Caso o isolamento social não aumente nas próximas semanas, um lockdown será inevitável para o estado de São Paulo , de acordo com um estudo da Unicamp . As projeções foram feitas com um modelo matemático desenvolvido por pesquisadores da própria universidade.
Foram registrados, em média, 1.839 novos casos diários de Covid-19 no estado, entre os dias 8 e 10 de maio, sendo 1.033 somente na capital. Caso se mantenha a taxa de contágio (chamada de R) – que é o número de pessoas para as quais um infectado transmite o vírus – observada nos 30 dias anteriores a 10 de maio, São Paulo deve chegar a 53,5 mil novos contágios por dia até o final de junho, sendo 20,8 mil somente na capital paulista. Estima-se que, nesse período, o número de novos casos dobre a cada 11,5 dias no estado e 12,9 dias na capital.
O cálculo considerou os dados de crescimento do número de casos confirmados do novo coronavírus ao longo do mês passado, que indicam uma taxa de contágio de 1,49 para o estado de São Paulo e 1,44 para a capital. Na prática, isso significa que, no final de abril, 100 paulistas infectados transmitiam o vírus para, em média, quase 150 outras pessoas.
“Essas projeções têm grandes chances de estarem subestimadas, pois o nível de isolamento vem caindo desde o início de abril e, entre 5 e 9 de maio, não ultrapassou 50%, o que provocará o aumento da taxa de contágio. Isso se refletirá daqui 15 ou 20 dias no número de novos casos, depois no número de óbitos”, explica o matemático Renato Pedrosa, professor do Instituto de Geociências da Unicamp e coordenador do Programa Especial Indicadores de Ciência, Tecnologia e Inovação da FAPESP .
“Mas, mesmo que se mantenha o nível de contágio estimado até 10 de maio, os valores projetados indicam que ainda este mês o sistema público de saúde da Região Metropolitana de São Paulo atingirá o limite, pois o nível de ocupação de leitos de UTI já está acima de 80%. Se o isolamento não for ampliado urgentemente, o estado terá de adotar medidas mais drásticas de contenção, como ocorreu na Itália, ou a situação se tornará insustentável”, concluiu.
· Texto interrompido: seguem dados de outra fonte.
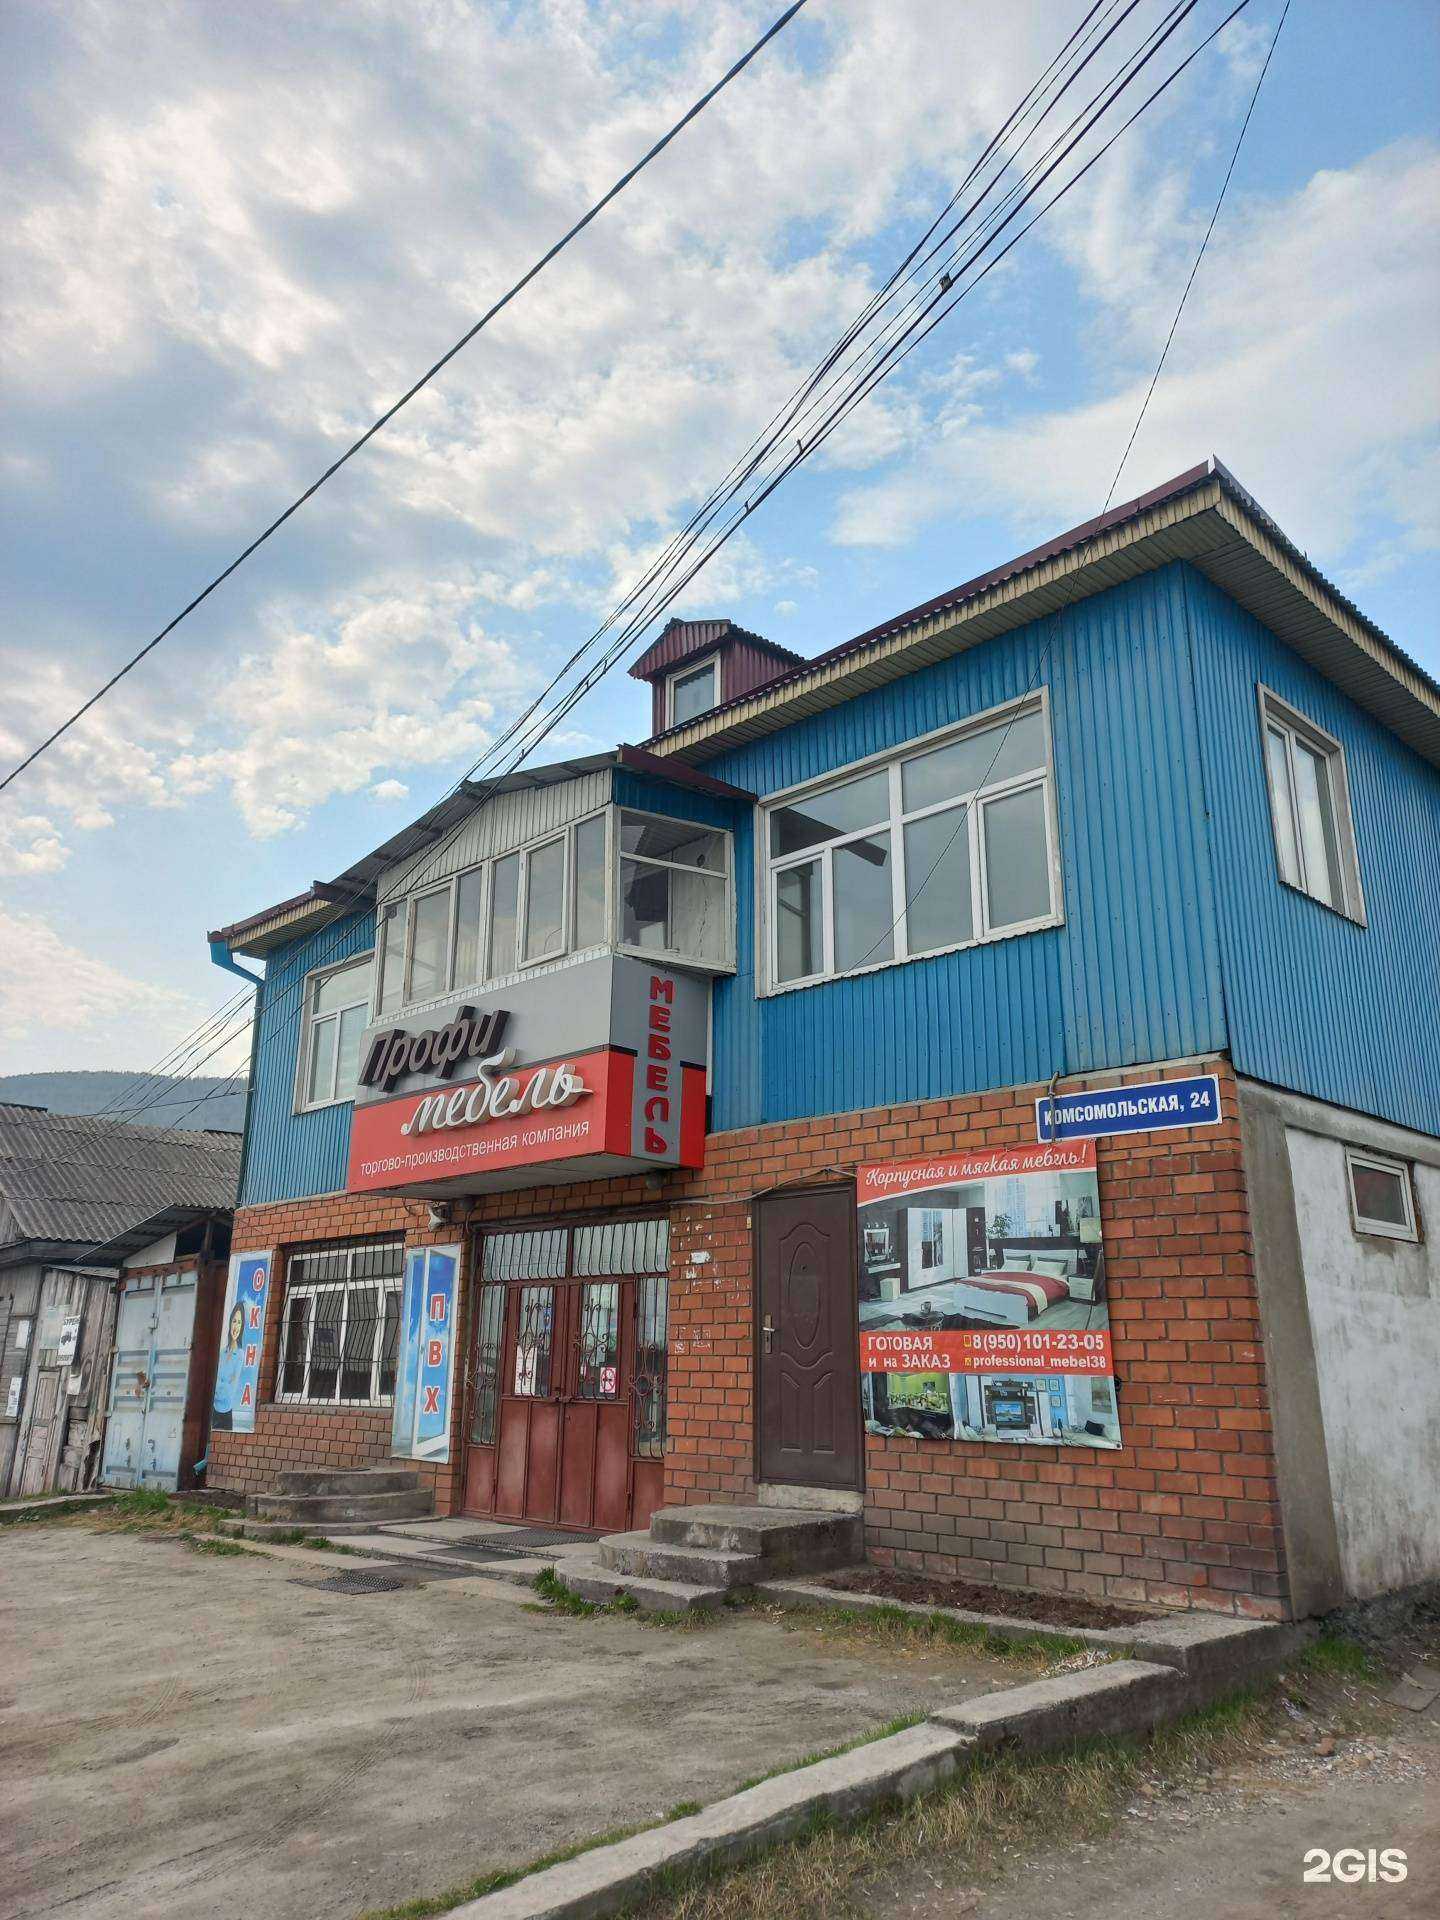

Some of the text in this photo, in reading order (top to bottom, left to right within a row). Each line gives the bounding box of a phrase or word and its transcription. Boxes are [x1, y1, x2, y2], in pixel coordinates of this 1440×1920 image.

[358, 1004, 512, 1093] Профи
[644, 975, 675, 1155] МЕБЕЛЬ
[400, 1046, 594, 1137] мебель
[1044, 1090, 1211, 1126] КОМСОМОЛЬСКАЯ, 24
[359, 1120, 590, 1178] торгово-производственная компания
[865, 1143, 1087, 1189] Корпусная и мягкая мебель!
[240, 1267, 266, 1407] ОКНА
[422, 1293, 447, 1415] ПВХ
[867, 1336, 933, 1351] ГОТОВАЯ
[868, 1353, 951, 1368] и на ЗАКАЗ
[973, 1355, 1106, 1369] professional_mebel38
O modelo utilizado permite estimar a dinâmica de transmissão da Covid-19 em diferentes locais, considerando variáveis climáticas, densidade populacional e a data em que a região registrou 100 casos.
Para elaborar o modelo, Pedrosa utilizou dados de 50 estados norte-americanos e outros 110 países, incluindo o Brasil. As informações meteorológicas foram obtidas da base de dados da Administração Nacional Oceânica e Atmosférica (NOAA), parte do Departamento de Comércio dos EUA. Já os dados de expansão da doença vieram do Centro Europeu de Controle e Prevenção de Doenças e da Universidade Johns Hopkins.
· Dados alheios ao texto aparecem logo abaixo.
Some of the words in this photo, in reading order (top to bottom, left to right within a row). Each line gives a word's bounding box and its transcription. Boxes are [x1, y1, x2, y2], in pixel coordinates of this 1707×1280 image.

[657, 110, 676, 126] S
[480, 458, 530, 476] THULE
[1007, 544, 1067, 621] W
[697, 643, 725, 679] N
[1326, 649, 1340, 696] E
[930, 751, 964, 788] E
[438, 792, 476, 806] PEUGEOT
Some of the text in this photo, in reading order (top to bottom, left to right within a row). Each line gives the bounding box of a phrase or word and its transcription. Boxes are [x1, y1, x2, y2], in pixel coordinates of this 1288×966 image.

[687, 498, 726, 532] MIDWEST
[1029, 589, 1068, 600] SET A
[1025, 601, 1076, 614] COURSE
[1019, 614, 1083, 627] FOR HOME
Segundo o pesquisador, locais que demoraram a atingir 100 casos tiveram menor taxa de expansão da Covid-19, muito por conta das medidas de proteção individuais tomadas pela população, que acompanhava o desenrolar da doença em outros países.
Porém, uma vez descontado esse efeito, a densidade populacional passou a ser a variável mais relevante para a análise da taxa de expansão da doença. Quanto mais densa a população, maior a taxa de contágio.
Contágio atenuado
Baseado nos resultados, Pedrosa decidiu calcular a taxa de atenuação do contágio necessária para frear o avanço da doença em todas as capitais do país, em função da densidade populacional de cada uma.
Nas cidades mais densamente povoadas do país (Fortaleza, São Paulo, Belo Horizonte, Recife e Rio de Janeiro , nesta ordem), a taxa de contaminação sem medidas de contenção seria de mais de 5,8 e o número de infecções dobraria em menos de dois dias, situação similar ao que aconteceu em Nova York .
“Para controlar a doença nas quatro cidades mais densamente povoadas do país, é preciso atenuar a taxa de contágio livre em 84%, o que seria possível com pelo menos 60% de isolamento social combinado ao uso obrigatório de máscaras de boa qualidade, por exemplo”, diz Pedrosa.
O pesquisador ressalta que a Região Metropolitana de São Paulo engloba várias cidades densamente povoadas, com indicadores R próximos aos da capital ou até mais altos, como Diadema, Osasco e Carapicuíba. “Portanto, para uma região com mais de 21 milhões de habitantes, a situação poderá se tornar ainda mais grave em prazo muito curto se medidas que levem ao aumento do isolamento social falharem”.